### INSTRUCTIONS TO FOLLOW
Only the text should come through, so restate the listing exactly and drop its images.
※
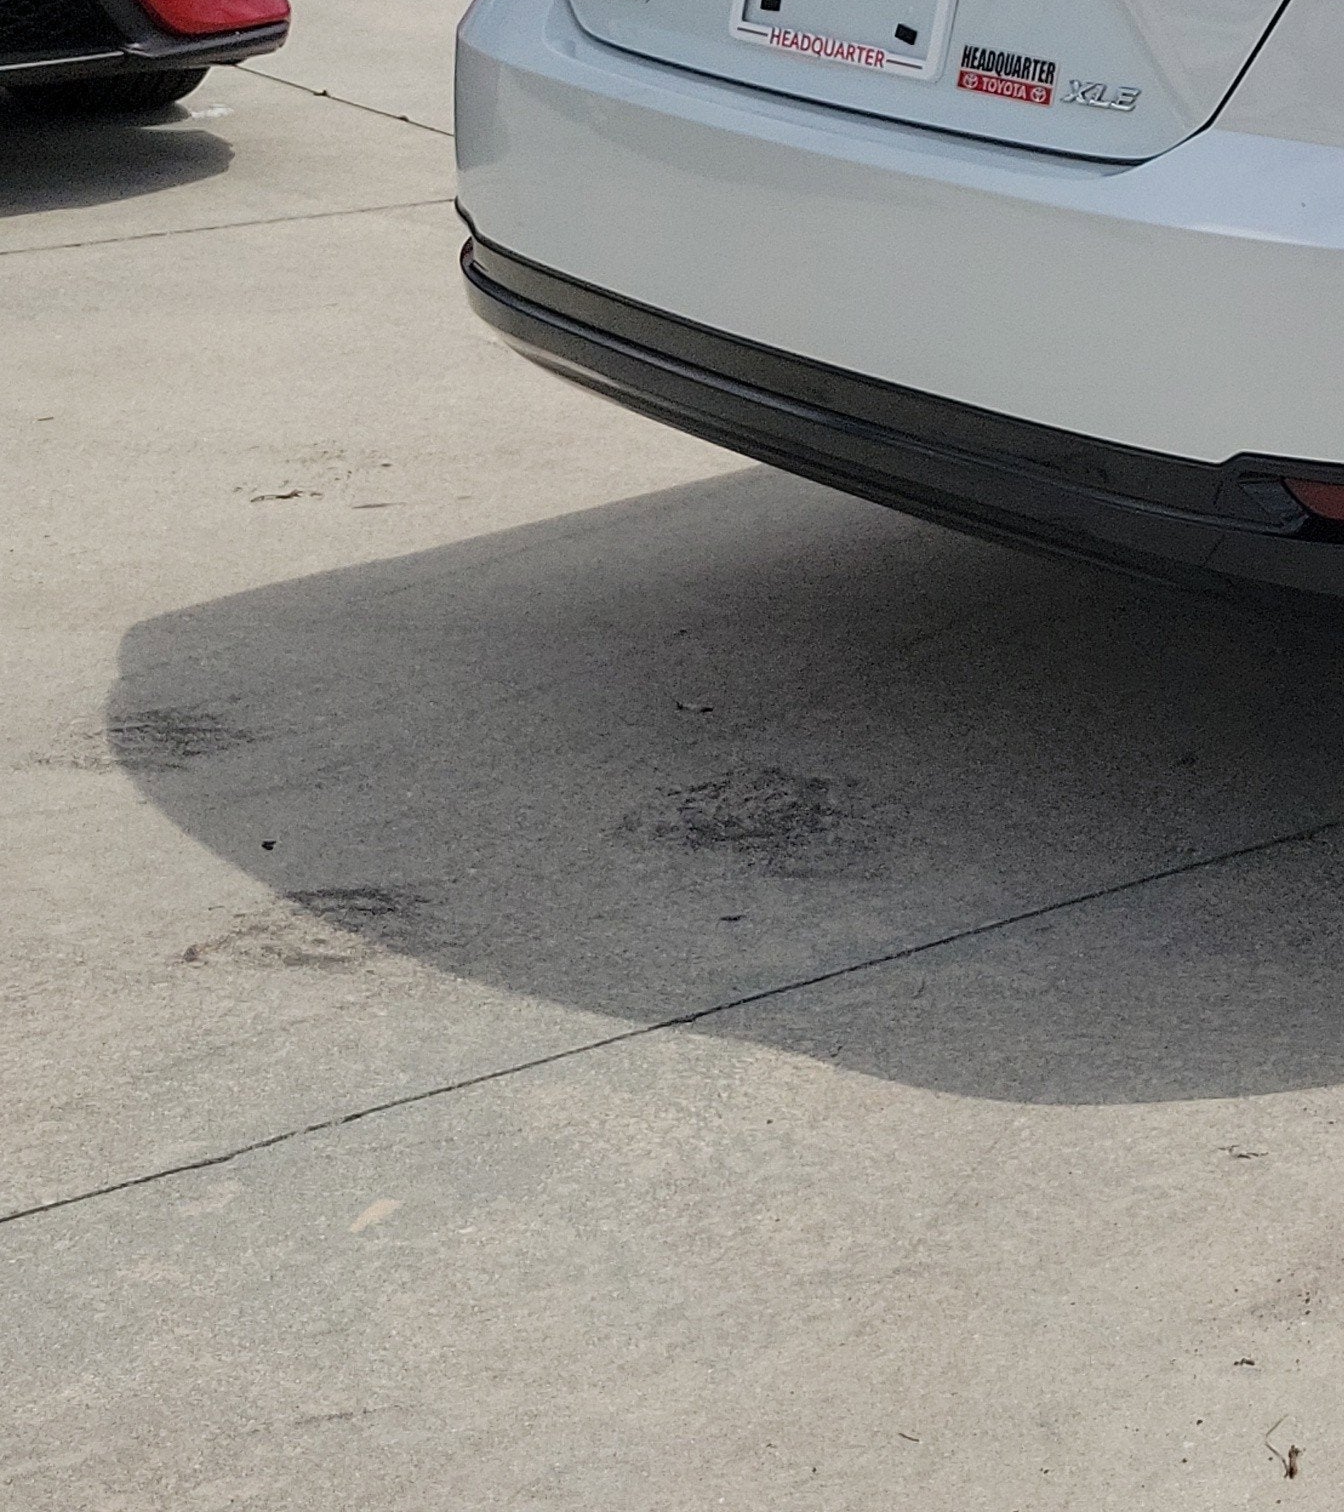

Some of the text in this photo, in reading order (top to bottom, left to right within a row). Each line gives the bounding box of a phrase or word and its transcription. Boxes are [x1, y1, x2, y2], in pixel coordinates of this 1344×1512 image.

[769, 28, 886, 69] HEADQUARTER
[961, 45, 1057, 84] HEADQUARTER
[981, 76, 1027, 100] TOYOTA
[1060, 79, 1142, 113] XLE
※
### SOLVED PROBLEM
Some of the text in this photo, in reading order (top to bottom, left to right within a row). Each line gives the bounding box of a phrase or word and its transcription. Boxes are [x1, y1, x2, y2], in pixel coordinates of this 1344×1512 image.

[769, 28, 886, 69] HEADQUARTER
[961, 45, 1057, 84] HEADQUARTER
[981, 76, 1027, 100] TOYOTA
[1060, 79, 1142, 113] XLE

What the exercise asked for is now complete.